In the lightly-edited interview Dean of General Studies Cheryl Bahar discusses how the grant helped transform how Gottesman RTW looks after the mental and physical health of its community.
1) Please tell us about the impact COVID-19 had on your school community -- students, staff, and families?
The impact of COVID has been far reaching on so many levels. As far as our students, the lack of in-person social interaction (at the beginning of the pandemic) was devastating. The isolation was concerning, and the level of fear was palpable as the pandemic wore on. The staff was juggling online learning and as we opened in the Fall of 2020, and they adjusted to a hybrid model. This was both stressful and unchartered territory. Our families are dealing with financial uncertainty and the stress of balancing careers with taking care of children who were supposed to be in school. As the school moved towards more in person learning we realized that students were delayed in their level of emotional intelligence.
2) What impact have the two social workers funded by the HFNJ grant had on the Gottesman RTW Academy community?
Our social workers began in the fall prior to the beginning of the COVID-19 pandemic. They were adjusting to the school community. They were getting to know our student population and the families. As soon as the pandemic hit, they focused on meeting with students remotely and helping support parents who were under a tremendous amount of stress. They helped connect parents to various resources and services and were a valued ear to teachers who were stretched to the limit.
3) Can you tell us about how Gottesman RTW has shifted the way it addresses the social and emotional health of students in the past few years?
We have transformed the way in which we prioritize health and wellness. The emotional health of the entire population is key to positive outcomes. We have taken a “whole child” and entire family approach.
4) How has Gottesman RTW re-integrated students who learned virtually over parts of the past two years, and how have the social workers been involved?
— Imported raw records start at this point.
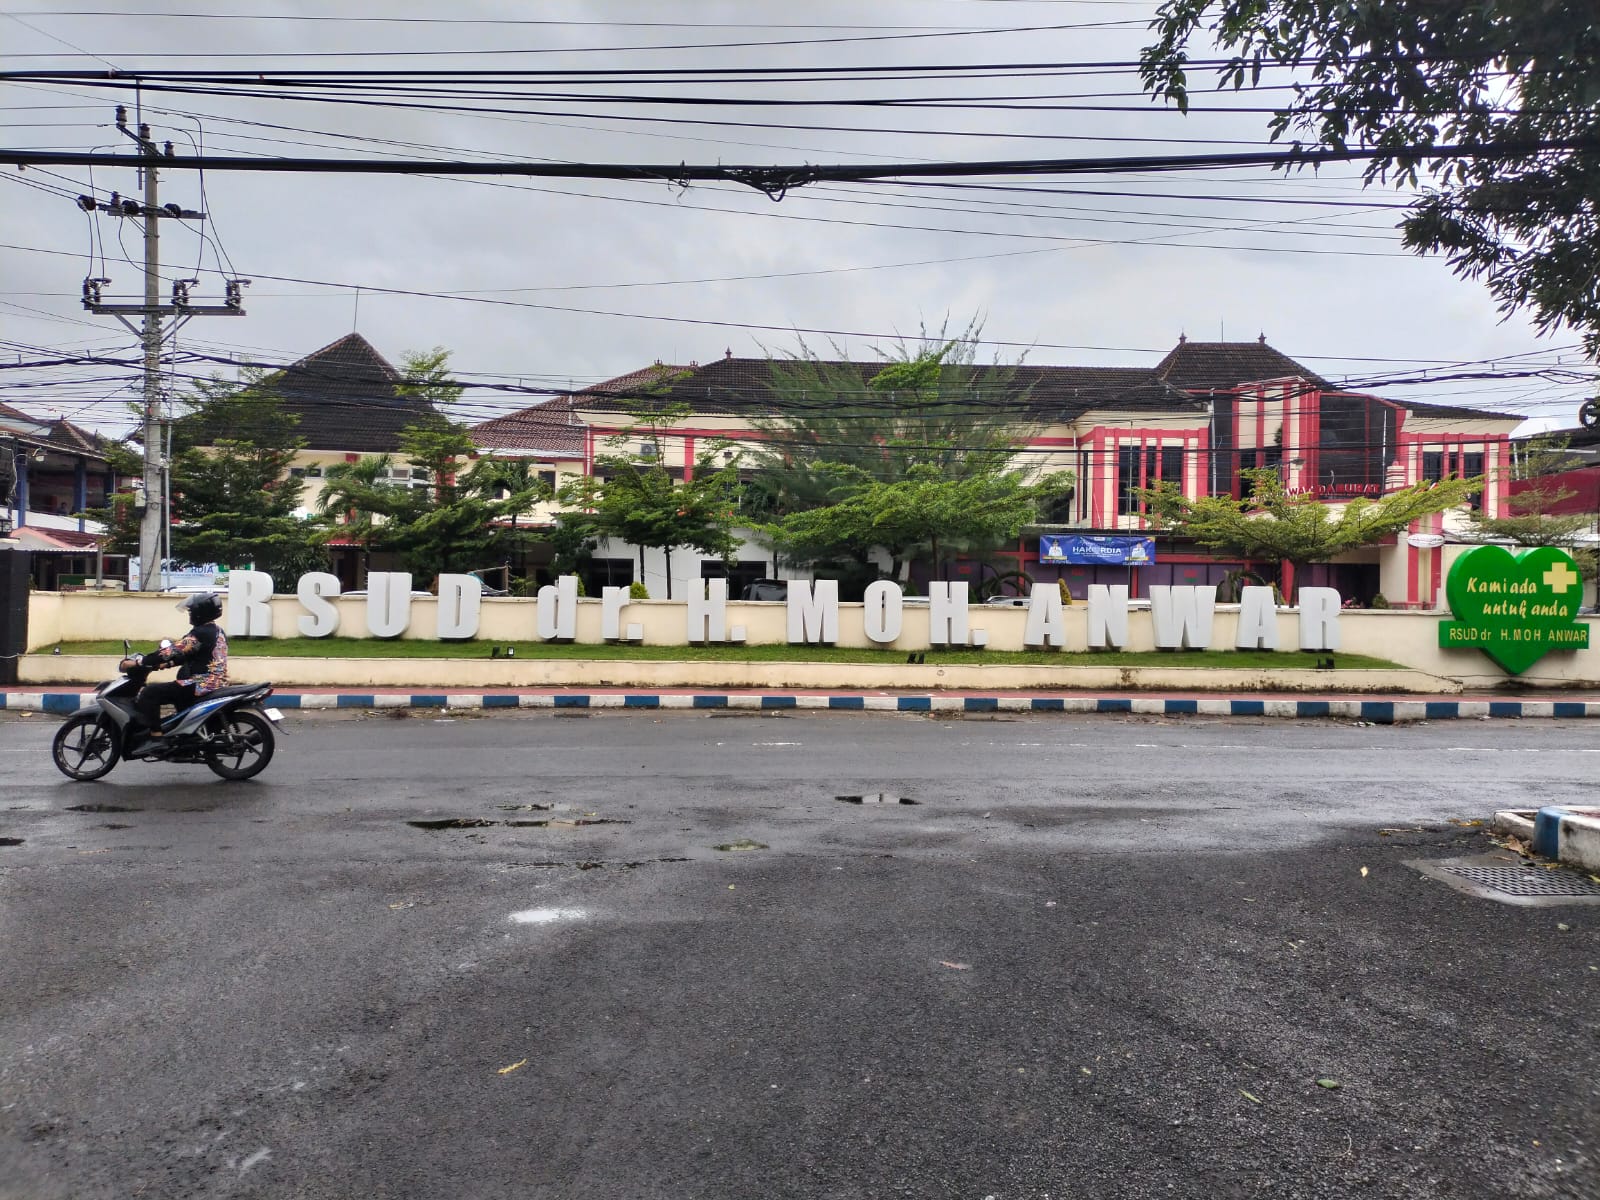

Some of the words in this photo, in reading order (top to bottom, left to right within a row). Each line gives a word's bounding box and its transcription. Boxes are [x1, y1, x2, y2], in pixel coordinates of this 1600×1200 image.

[1466, 576, 1507, 593] Kami
[1509, 577, 1537, 594] ada
[228, 569, 482, 640] RSUD
[537, 575, 643, 640] dr.
[687, 577, 746, 642] H.
[787, 579, 989, 646] MOH.
[1023, 582, 1342, 650] ANWAR
[1482, 600, 1527, 619] untuk
[1531, 600, 1568, 617] anda
[1449, 627, 1478, 641] RSUD
[1480, 628, 1492, 641] dr
[1547, 629, 1587, 642] ANWAR
We were fortunate to have had in-person learning very early on in the pandemic. We set up outdoor learning environments so our students could get back to school in person as soon as it was deemed safe. Some students (for health reasons) learned remotely and we offered a hybrid approach. Students were reintegrated into school with the support of our social workers. Regular programming around social and emotional well-being was integrated throughout the day. Our teachers, already trained in Responsive Classroom, used techniques to help secure the emotional wellbeing of our students.
5) How has Gottesman RTW been able to pivot to incorporating the social workers as the HFNJ funding ended?
The importance of our social workers and their positive impact on students, families and teachers were recognized by the Board of Trustees at GRTWA. As such, they committed to funding this program for the future. Our social workers are an integral part of our community now, and they will be present for our population now and in the future.